V-662-4650 Sheet 3 of 26

2) The solid rotor is unbalanced at both ends; in this case (pure unbalance), the heavy spots are 180? opposite each other.

3) This shaft, when placed on knife edges, will not rotate; therefore, a dynamic method must be employed to detect this type of unbalance.

4) When the rotor is turned, it will try to rotate about a line drawn through the unbalance weights, generating forces at the bearings.

5) This type of unbalance can only be corrected by applying two correction weights to the rotor.

6) The weights must be placed at each end of the rotor, 180? opposite the respective heavy spots.

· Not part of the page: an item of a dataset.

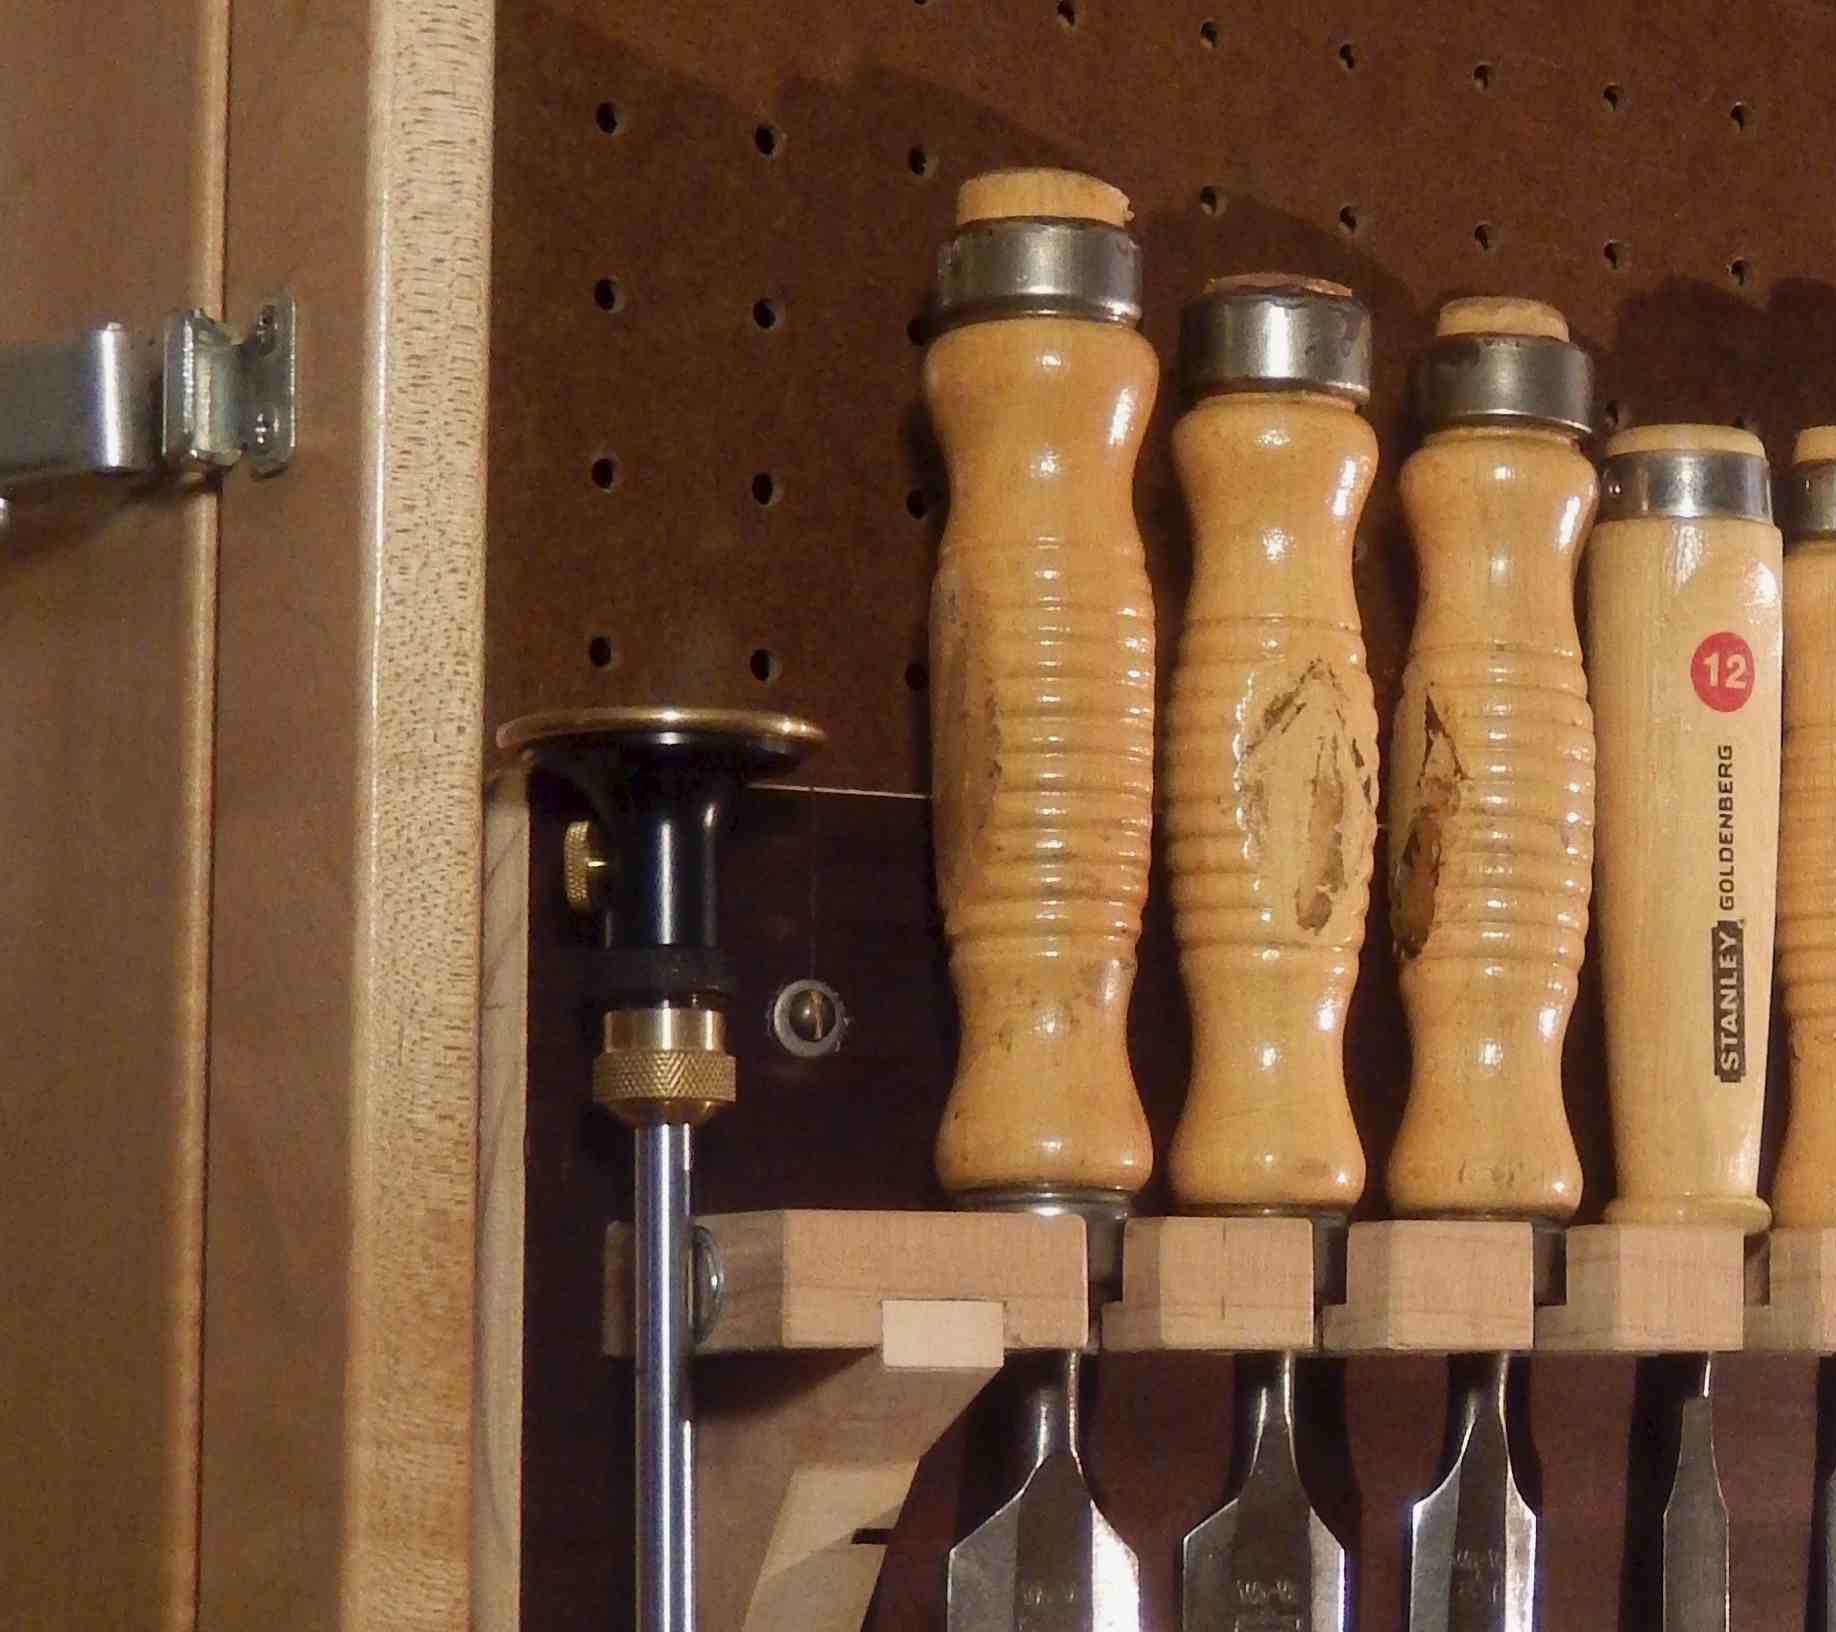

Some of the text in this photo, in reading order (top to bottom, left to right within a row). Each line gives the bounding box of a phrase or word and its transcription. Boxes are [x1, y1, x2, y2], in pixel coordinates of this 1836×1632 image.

[1702, 652, 1748, 689] 12
[1717, 744, 1740, 1072] STANLEY GOLDENBERG

7) A single weight, no matter where it is placed, can never correct the "unbalanced couple" of forces or the "moment" acting on the rotor.

8) For this reason, dynamic unbalance is often called "two-plane" or "moment" unbalance.

4. In-place balancing considerations.

a. Advantage of in-place balancing.

1) Any rotating mass will have some amount of unbalance, which can cause bearing wear and undesirable vibrations.

2) A rotor may be balanced as a unit in a balance machine, but when it is run in its own bearings and perhaps coupled to another element, a degree of unbalance is likely to be present.

3) Balancing in-place can minimize this apparent unbalance, resulting in improved reliability as well as reducing rotational frequency components.

b. Types of balancing - May be classed as single-plane and multiplane.

1) Single-plane balancing.

a) Refers to corrections being made in only one plane of a rotating element.

b) This type is applicable in cases where the rotating element is basically a disk, such as a fan, and all the unbalance is concentrated in the plane of the disk.

2) Multiplane balancing.

a) Refers to corrections being made in more than one plane.

b) This type is applicable to cases when balancing motors, turbines, etc.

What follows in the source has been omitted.